__PROBLEM TO WORK ON__.
With the images left out, print all of the records below exactly.

:: GIVEN RECORDS

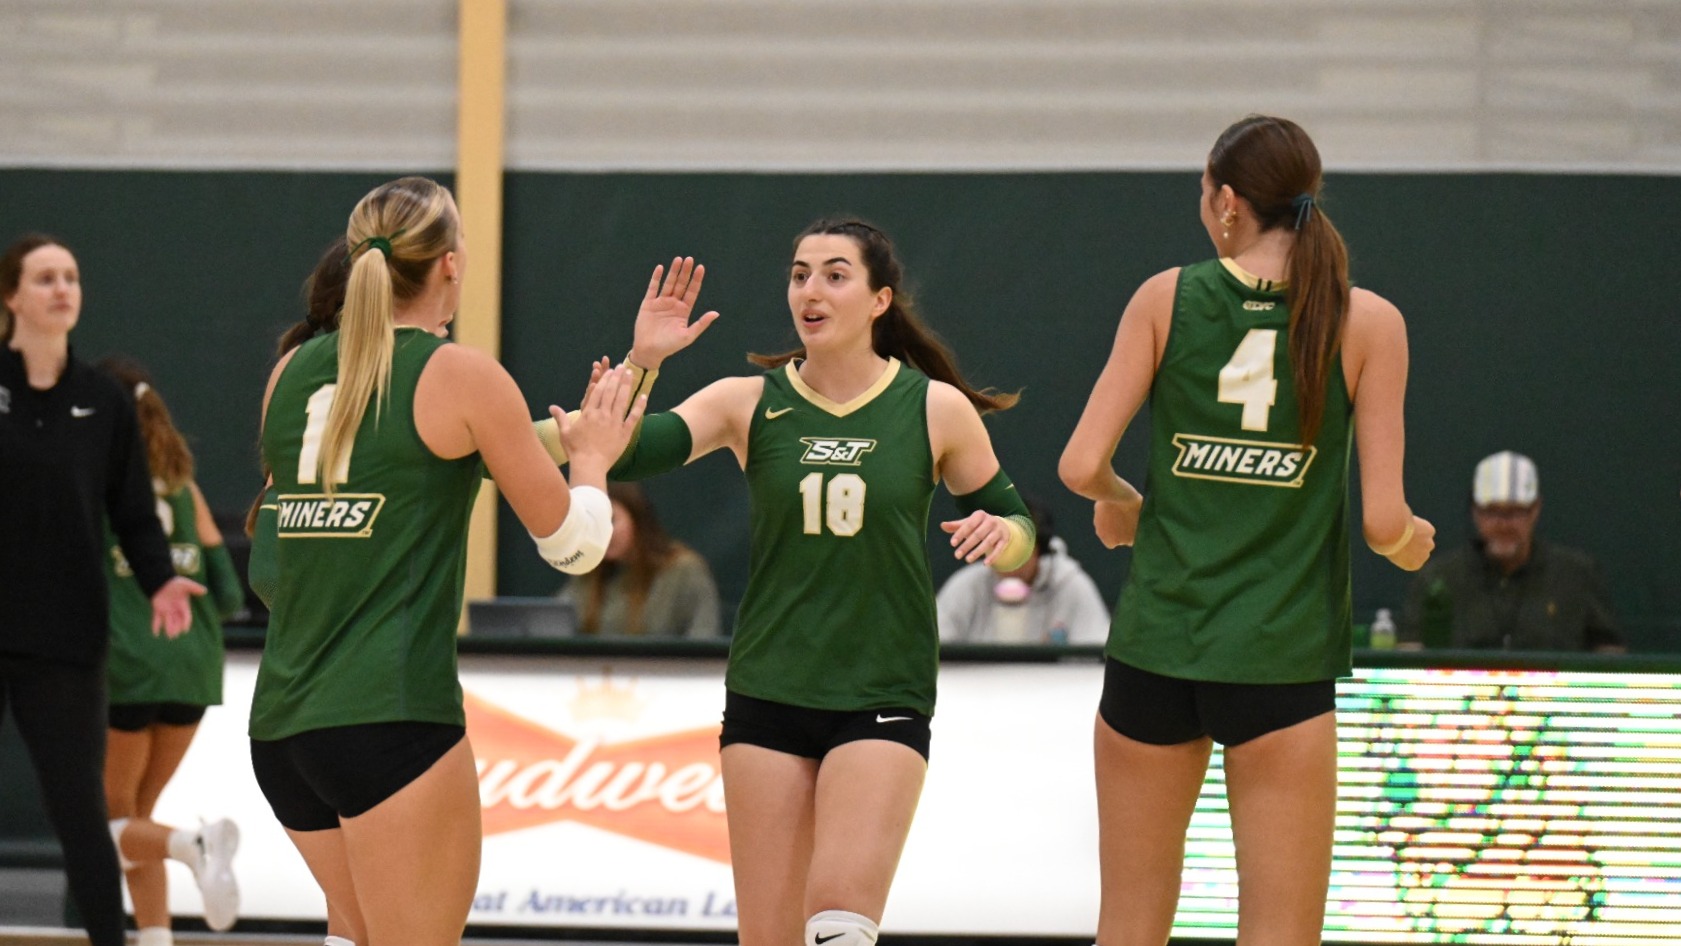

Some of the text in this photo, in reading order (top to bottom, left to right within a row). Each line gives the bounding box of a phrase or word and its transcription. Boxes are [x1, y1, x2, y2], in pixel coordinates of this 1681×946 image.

[1217, 328, 1278, 432] 4
[805, 440, 871, 461] S&T
[1182, 442, 1304, 477] MINERS
[278, 501, 372, 528] MINERS
[799, 472, 867, 537] 18
[517, 887, 689, 916] American
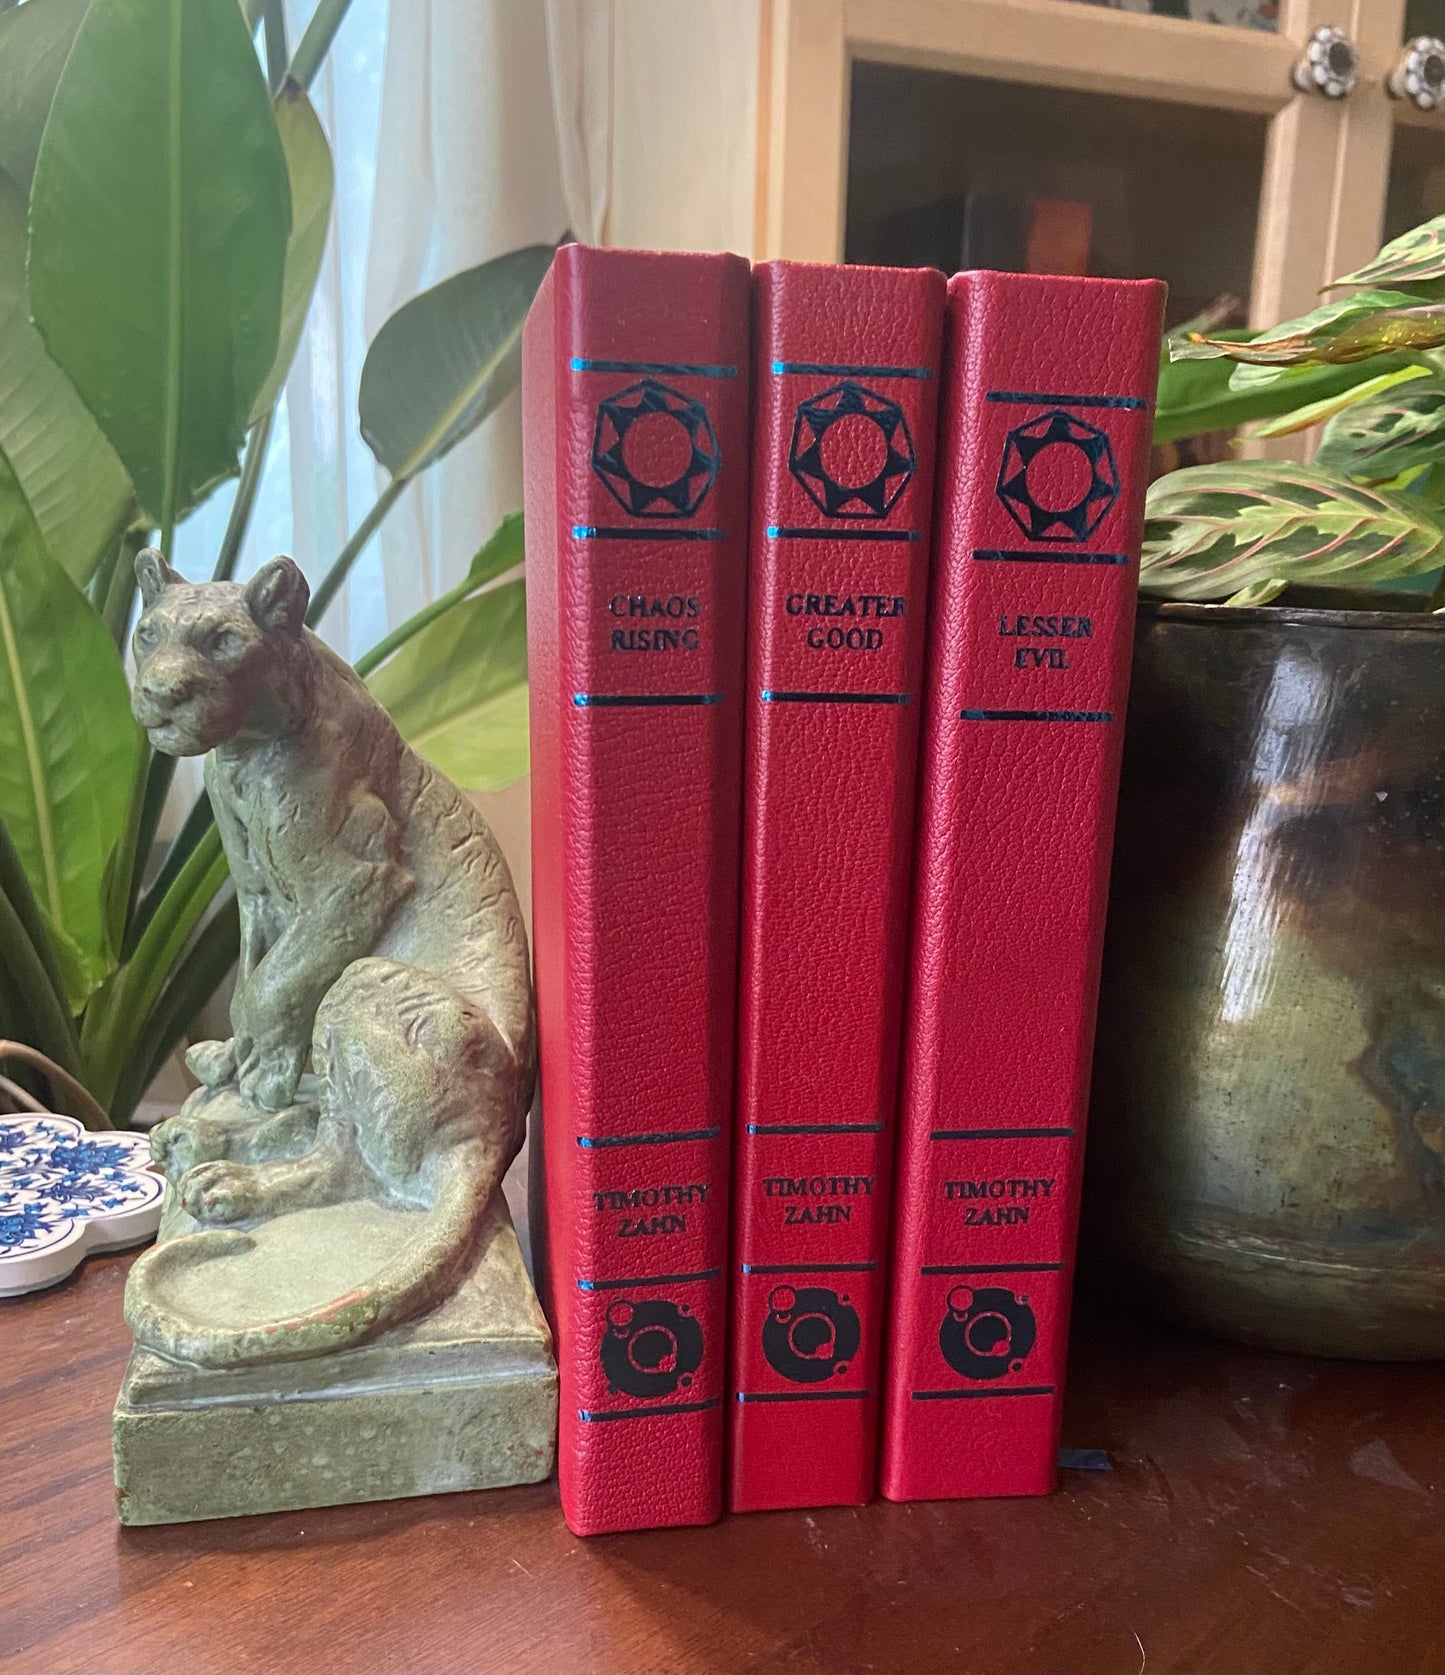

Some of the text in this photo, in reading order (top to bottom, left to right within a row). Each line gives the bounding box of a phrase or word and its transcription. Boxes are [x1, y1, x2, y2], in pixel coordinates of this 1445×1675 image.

[609, 594, 700, 618] CHAOS
[786, 594, 907, 618] GREATER
[1000, 614, 1093, 639] LESSER
[610, 628, 700, 651] RISING
[806, 627, 884, 650] GOOD
[593, 1183, 710, 1211] TIMOTHY
[763, 1176, 876, 1198] TIMOTHY
[945, 1178, 1056, 1200] TIMOTHY
[785, 1204, 852, 1225] ZAHN
[964, 1206, 1031, 1228] ZAHN
[617, 1214, 688, 1239] ZAHN
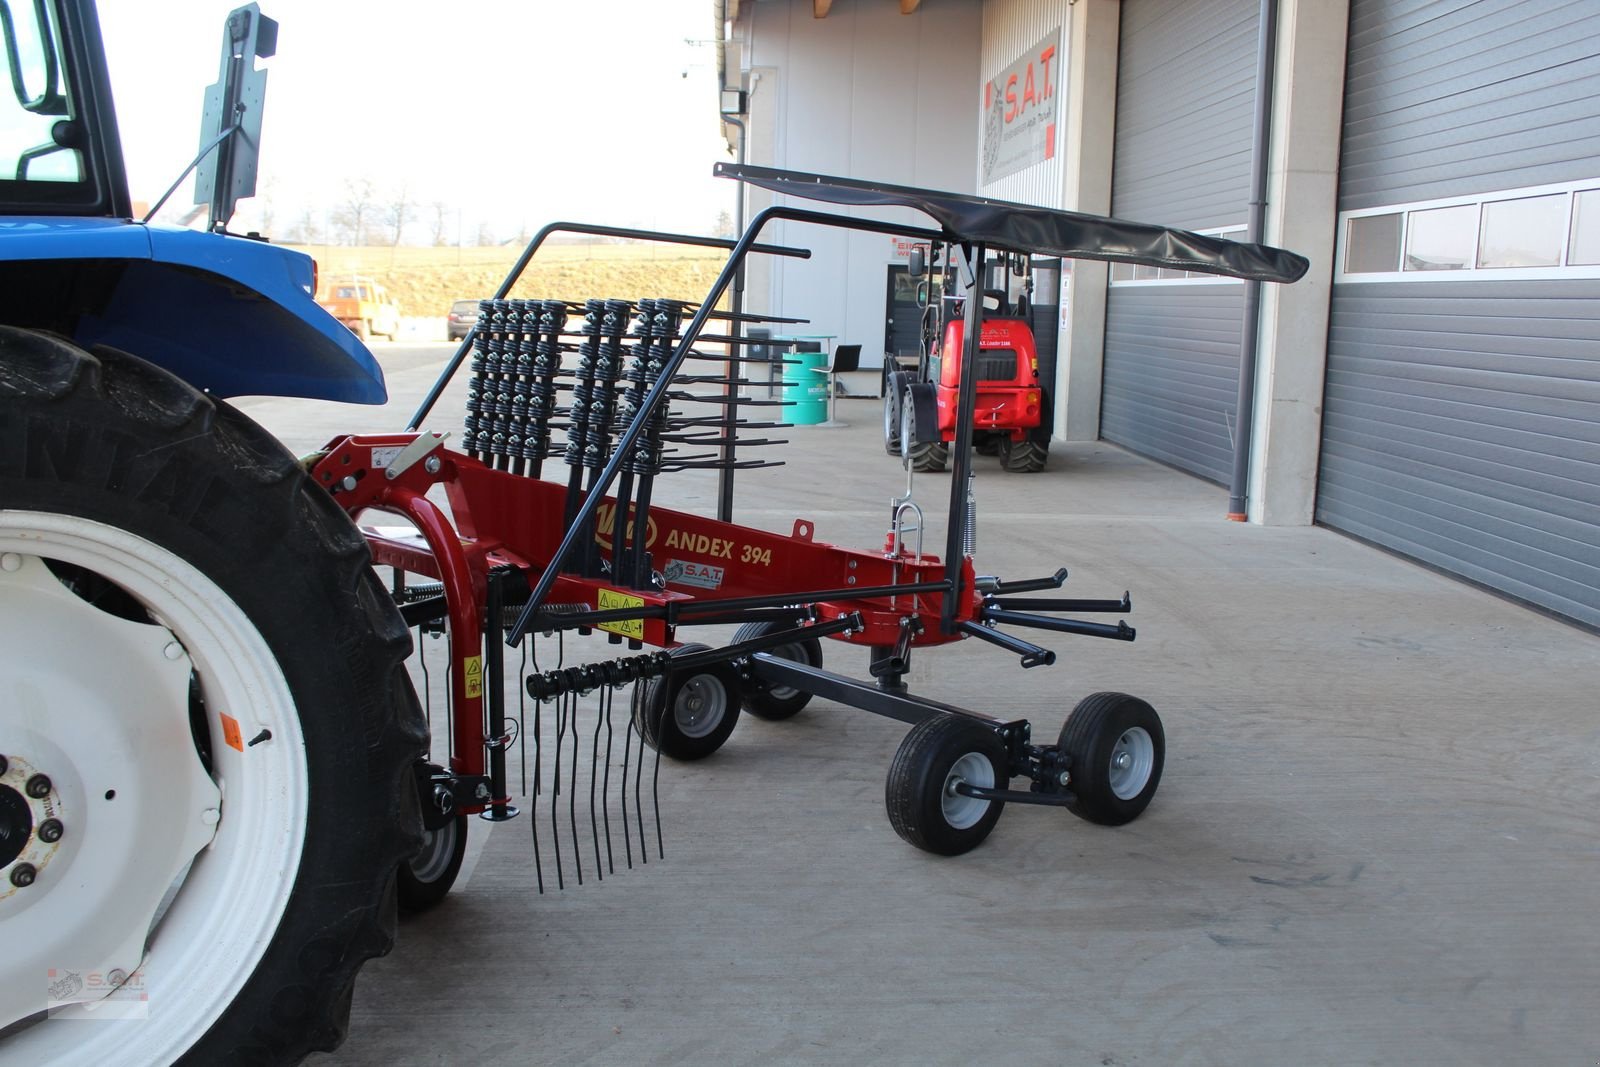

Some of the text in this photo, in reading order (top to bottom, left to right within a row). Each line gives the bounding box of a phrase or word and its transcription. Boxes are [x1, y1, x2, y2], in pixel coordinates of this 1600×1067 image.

[1004, 44, 1056, 125] S.A.T.
[664, 529, 772, 567] ANDEX 394
[684, 564, 722, 580] S.A.T.

::::

__SOLVED EXERCISE__.
Some of the text in this photo, in reading order (top to bottom, left to right within a row). Each line gives the bounding box of a phrase or word and its transcription. Boxes are [x1, y1, x2, y2], in pixel coordinates of this 1681×946 image.

[1217, 328, 1278, 432] 4
[805, 440, 871, 461] S&T
[1182, 442, 1304, 477] MINERS
[278, 501, 372, 528] MINERS
[799, 472, 867, 537] 18
[517, 887, 689, 916] American

Some of the text in this photo, in reading order (top to bottom, left to right within a row). Each line gives the bounding box of a phrase or word and its transcription. Boxes are [x1, y1, x2, y2], in pixel coordinates of this 1445×1675 image.

[609, 594, 700, 618] CHAOS
[786, 594, 907, 618] GREATER
[1000, 614, 1093, 639] LESSER
[610, 628, 700, 651] RISING
[806, 627, 884, 650] GOOD
[593, 1183, 710, 1211] TIMOTHY
[763, 1176, 876, 1198] TIMOTHY
[945, 1178, 1056, 1200] TIMOTHY
[785, 1204, 852, 1225] ZAHN
[964, 1206, 1031, 1228] ZAHN
[617, 1214, 688, 1239] ZAHN

Some of the text in this photo, in reading order (top to bottom, left to right within a row). Each line gives the bounding box of a phrase or word and its transcription. Boxes are [x1, y1, x2, y2], in pixel coordinates of this 1600×1067 image.

[1004, 44, 1056, 125] S.A.T.
[664, 529, 772, 567] ANDEX 394
[684, 564, 722, 580] S.A.T.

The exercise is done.